Seaborn’s relational plots are a family of plots that allow you to investigate the relationship between two sets of data. You saw an example of one of these earlier when you created a scatterplot.

The other common relational plot is the line plot. Line plots display information as a set of data marker points joined with straight line segments. They’re commonly used to visualize time series. To create one in seaborn, you use the lineplot() function.

In this section, you’ll reuse the crossings and bridge_crossings DataFrames that you used earlier as a basis for your relational plots.

Suppose you wanted to see the trend in daily bridge crossings across the Brooklyn Bridge for the three months of April to June. A line plot is one way of showing you this:

Python
In [1]: import matplotlib.pyplot as plt
   ...: import pandas as pd
   ...: import seaborn as sns
   ...:
   ...: crossings = pd.read_csv("cycle_crossings_apr_jun.csv")
   ...:
   ...: sns.set_theme(style="darkgrid")
   ...:
   ...: (
   ...:     sns.lineplot(data=crossings, x="date", y="Brooklyn")
   ...:     .set(
   ...:         title="Brooklyn Bridge Daily Crossings",
   ...:         xlabel=None,
   ...:     )
   ...: )
   ...:
   ...: plt.xticks(
   ...:     ticks=[
   ...:         "01/04/2017", "01/05/2017", "01/06/2017", "30/06/2017"
   ...:     ],
   ...:     rotation=45,
   ...: )
   ...:
   ...: plt.show()

To enhance the appearance of the plot, you call seaborn’s set_theme() function and set a background theme of darkgrid. This gives the plot a shaded background plus a white grid for ease of reading. Note that this setting will apply to all subsequent plots unless you reset it back to its default white value.

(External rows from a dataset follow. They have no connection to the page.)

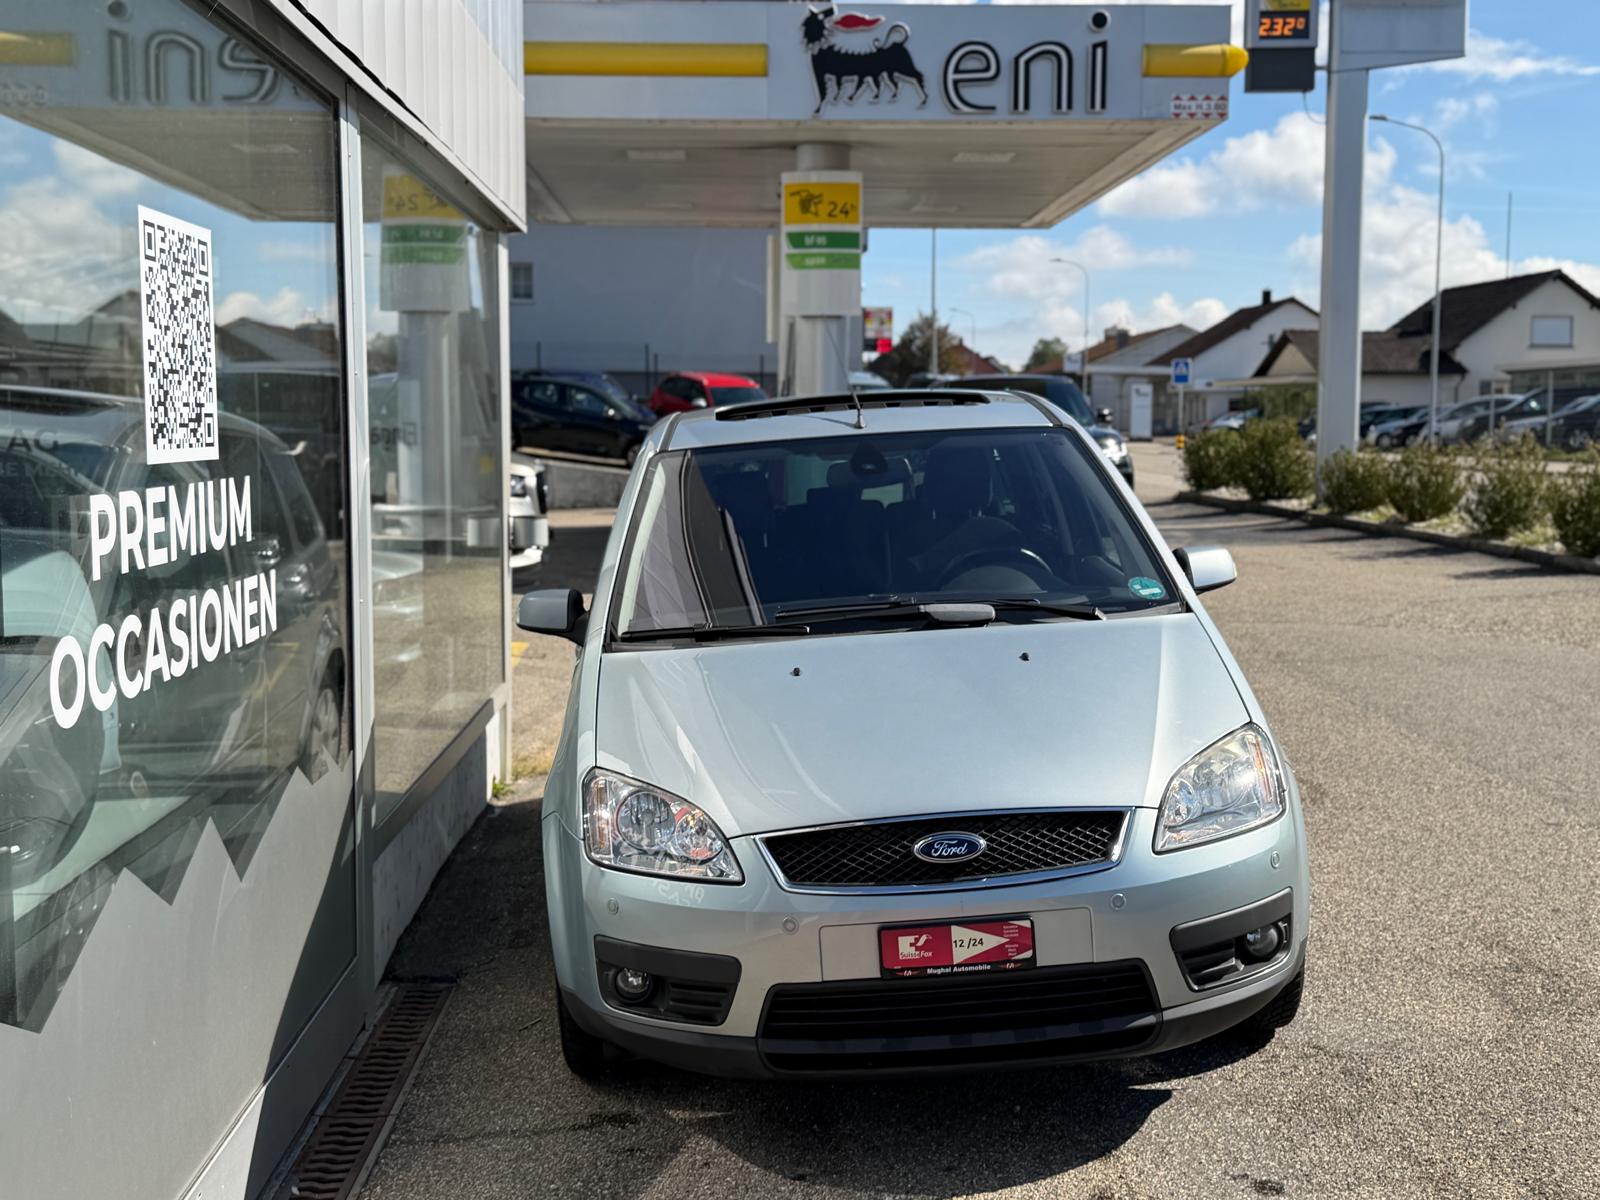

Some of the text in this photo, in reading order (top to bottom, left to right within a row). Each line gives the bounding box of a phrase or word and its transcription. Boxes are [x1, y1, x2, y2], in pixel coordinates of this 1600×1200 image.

[943, 10, 1111, 112] eni
[89, 475, 252, 581] PREMIUM
[49, 568, 278, 729] OCCASIONEN
[931, 840, 968, 857] Ford
[926, 964, 991, 975] Mughal Automobile
[953, 938, 984, 949] 12 /24

As with all seaborn functions, you first pass lineplot() in a DataFrame. The line plot will show a time series, so the x values are assigned the date Series, while the y values are assigned the Brooklyn Series. These parameters are sufficient to draw the visualization.

The x Series contains over ninety values, meaning they’ll be crushed together and unreadable when the plot is drawn. To clarify this, you decide to use the Matplotlib xticks() function to rotate and display only the starting date of each of the three months, plus the last day in June. Your reader can infer the rest of the dates using this information, along with the background grid. You also give the plot a title and remove its xlabel.

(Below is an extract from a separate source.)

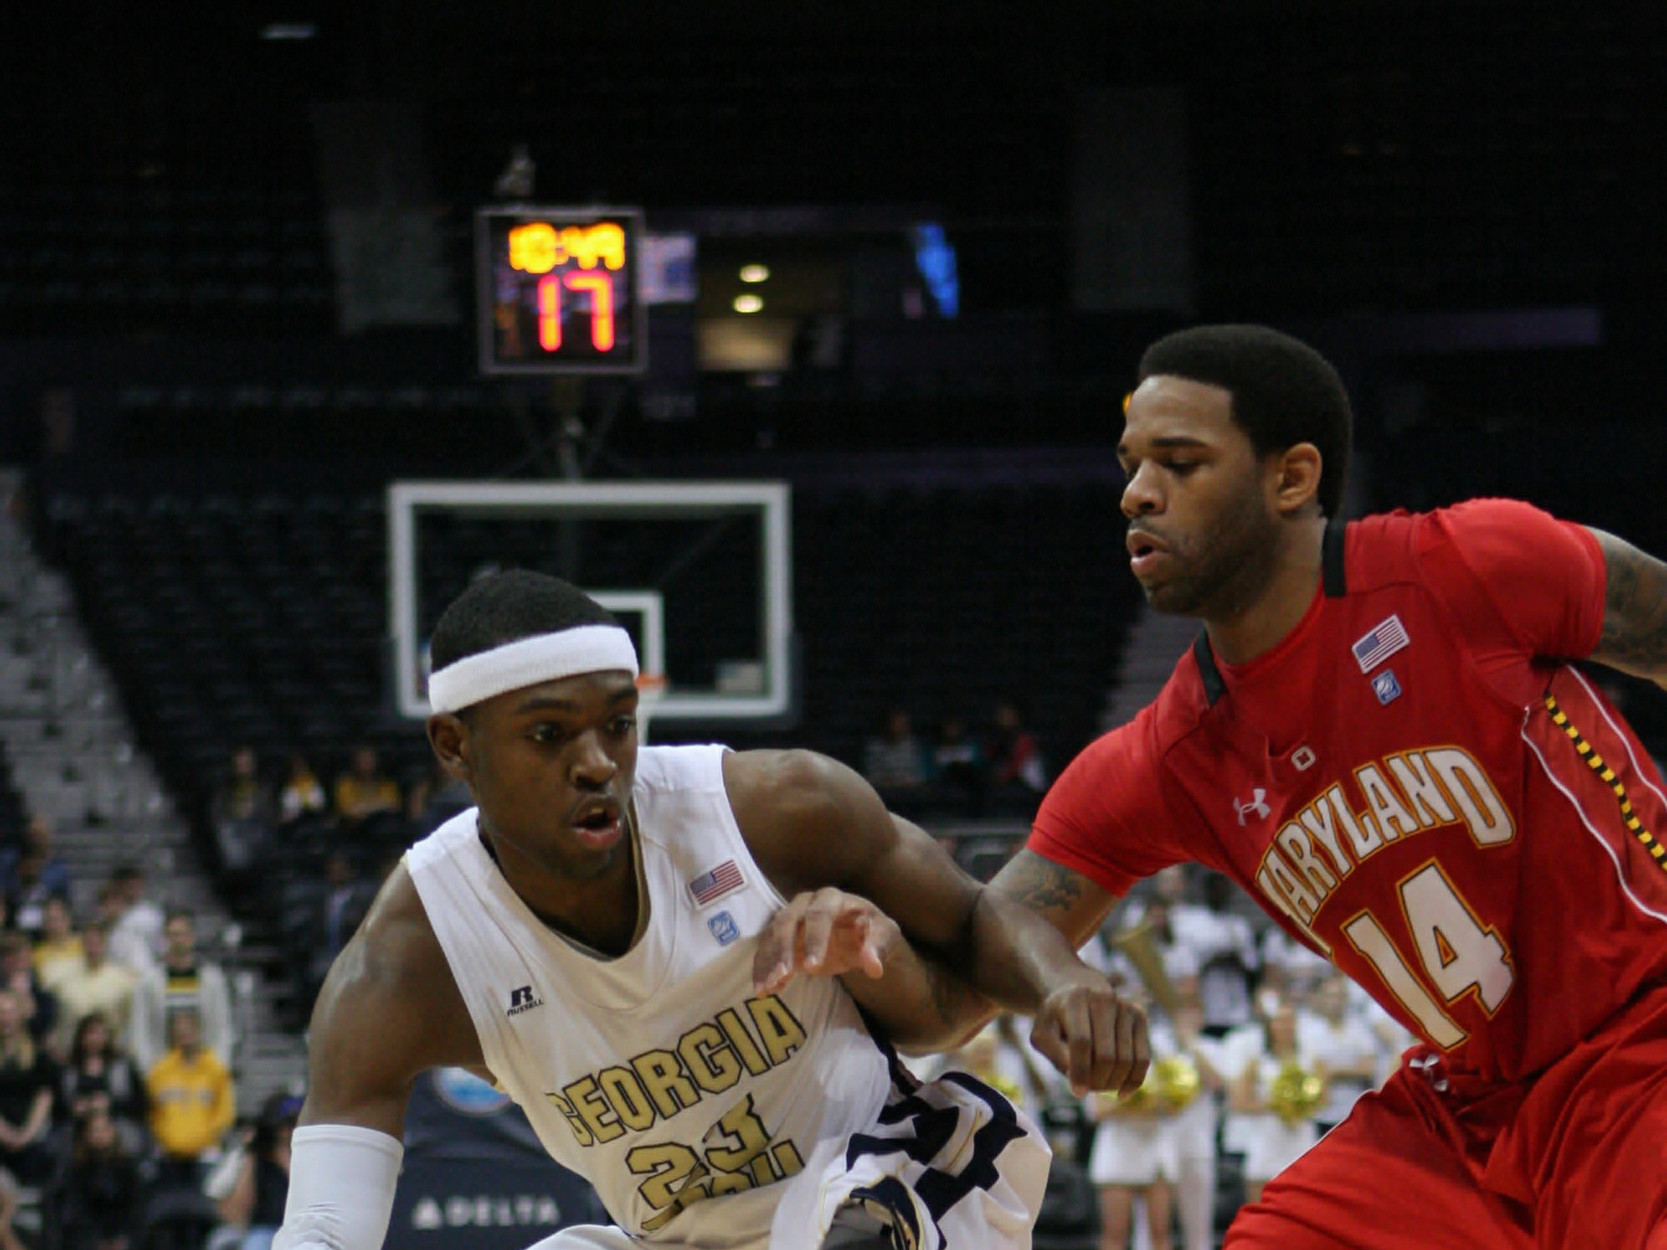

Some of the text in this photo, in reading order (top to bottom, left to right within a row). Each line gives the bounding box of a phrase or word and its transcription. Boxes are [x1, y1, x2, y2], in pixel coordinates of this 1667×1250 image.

[537, 270, 614, 352] 17
[1340, 857, 1515, 1053] 14
[544, 993, 807, 1147] GEORGIA
[445, 1196, 561, 1227] DELTA

The plot that you’ve created looks like this:

Line plot of daily crossings of the Brooklyn bridge

As you can see, the line plot plots each daily crossing value and joins these values together with straight-line segments. You may be surprised to see the variation in the levels of crossings of the bridge. On some days, there are fewer than 500 crossings, while on other days there are nearer 4,000.

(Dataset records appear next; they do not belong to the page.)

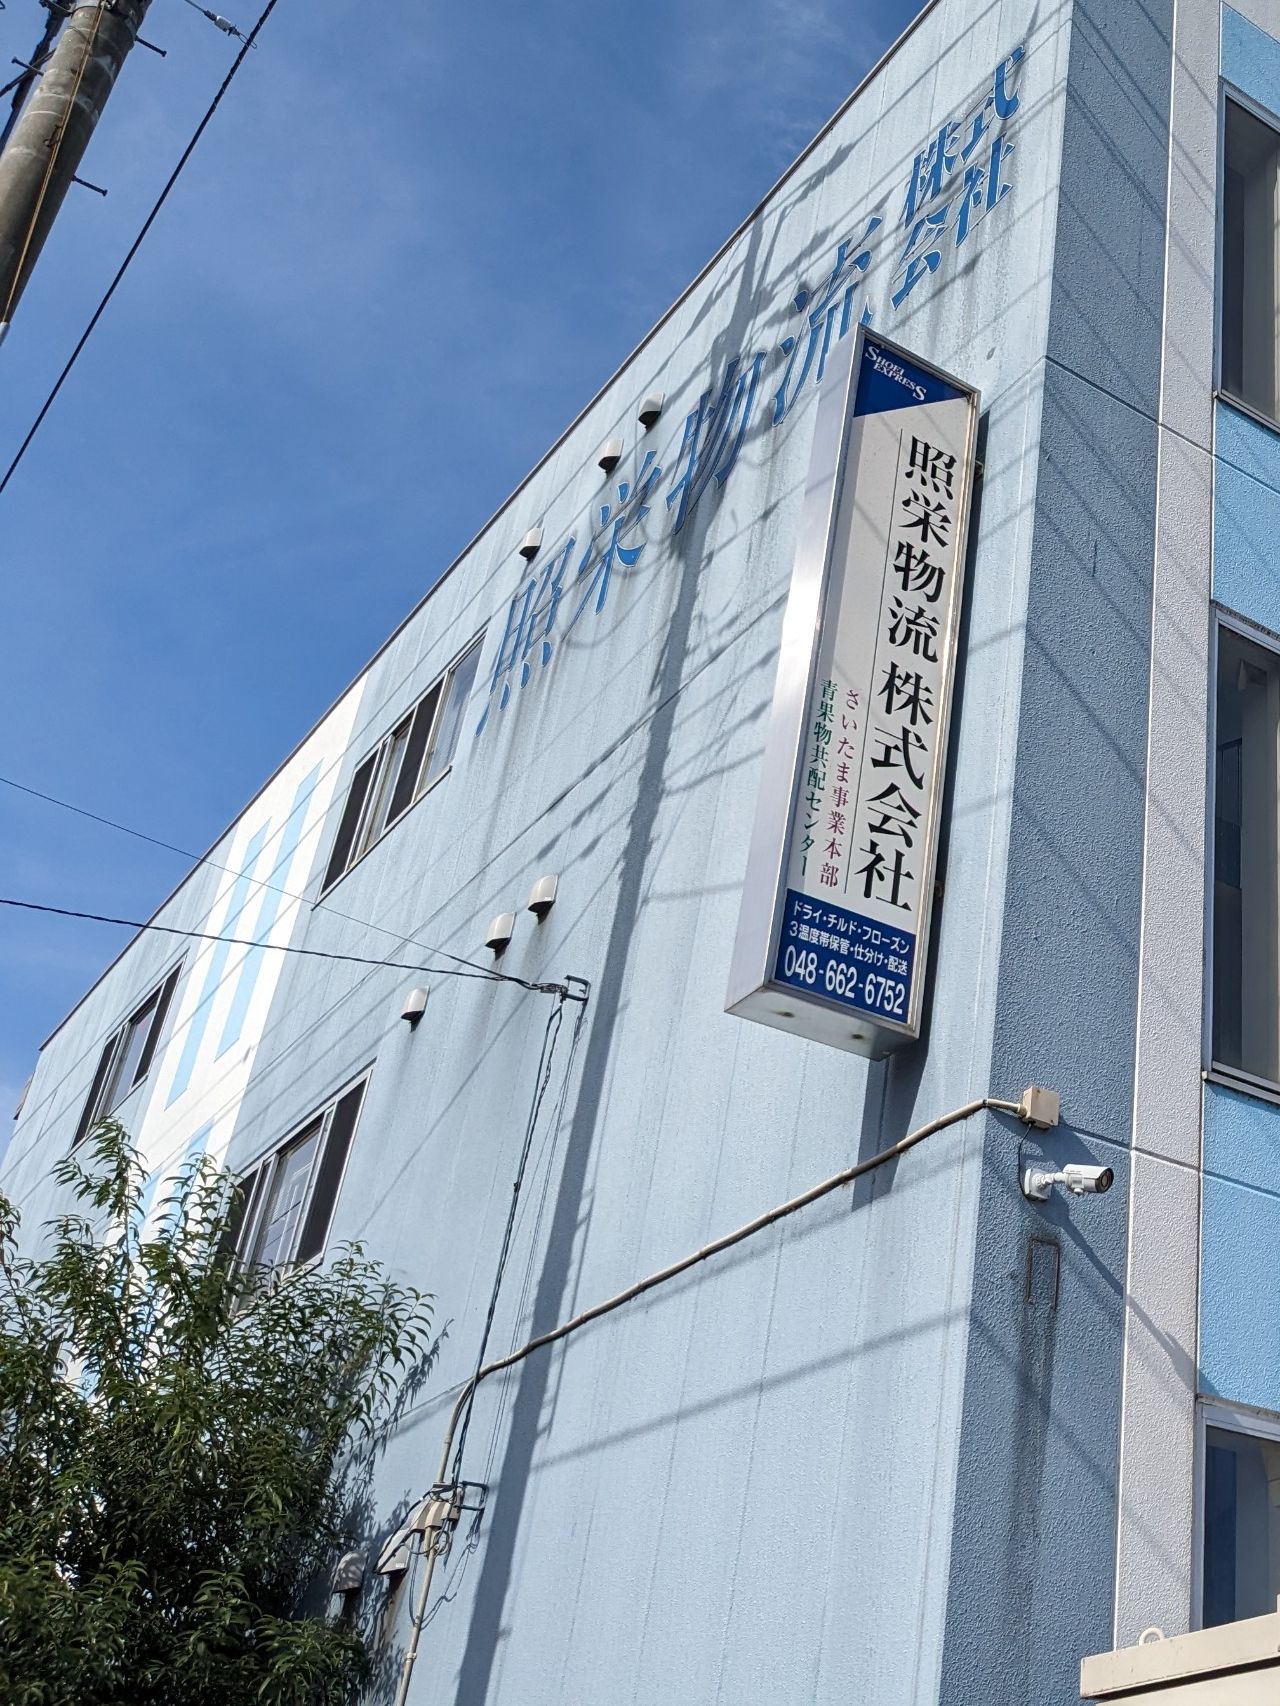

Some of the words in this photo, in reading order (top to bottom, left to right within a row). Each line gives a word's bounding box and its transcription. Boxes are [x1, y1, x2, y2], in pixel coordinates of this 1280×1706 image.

[865, 346, 905, 376] SHOEI
[873, 362, 927, 401] EXPRESS
[853, 435, 957, 912] 照栄物流株式会社
[799, 679, 838, 877] 青果物共配センター
[819, 688, 860, 888] さいたま事業本部
[793, 900, 910, 954] ドライ・チルド・フローズン
[784, 944, 906, 1015] 048-662-6752

Using the principles that you’ve learned so far, and the seaborn documentation, you might like to try the following exercises:

Task 1: Using an appropriate dataset, produce a single line plot showing the crossings for all bridges from April to June.

Task 2: Clarify your solution to Task 1 by creating a separate subplot for each bridge.

Task 1 Solution Here’s one way you could plot bridge crossings on a single line plot:

Python
In [1]: import matplotlib.pyplot as plt
   ...: import pandas as pd
   ...: import seaborn as sns
   ...:
   ...: crossings = pd.read_csv("cycle_crossings_apr_jun.csv")
   ...:
   ...: bridge_crossings = crossings.melt(
   ...:     id_vars=["day", "date"],
   ...:     value_vars=[
   ...:         "Brooklyn", "Manhattan",
   ...:         "Williamsburg", "Queensboro",
   ...:     ],
   ...:     var_name="Bridge",
   ...:     value_name="Crossings",
   ...: ).rename(columns={"day": "Day", "date": "Date"})
   ...:
   ...: (
   ...:     sns.lineplot(
   ...:         data=bridge_crossings, x="Date", y="Crossings",
   ...:         hue="Bridge", style="Bridge",
   ...:     )
   ...:     .set_title("Daily Bridge Crossings")
   ...: )
   ...:
   ...: plt.xticks(
   ...:     ticks=[
   ...:         "01/04/2017", "01/05/2017", "01/06/2017", "30/06/2017"
   ...:     ],
   ...:     rotation=45,
   ...: )
   ...:
   ...: plt.show()

You once more read in the data and pivot it using the DataFrame’s .melt() method to put each bridge’s data in the same column. Then you use the lineplot() function to draw the plot. By setting both hue and style to "Bridge", you make sure the data for each bridge appears as a separate line with a different color and appearance. To make the x-axis less crowded, you set its ticks to the four date positions shown and rotate them by 45 degrees.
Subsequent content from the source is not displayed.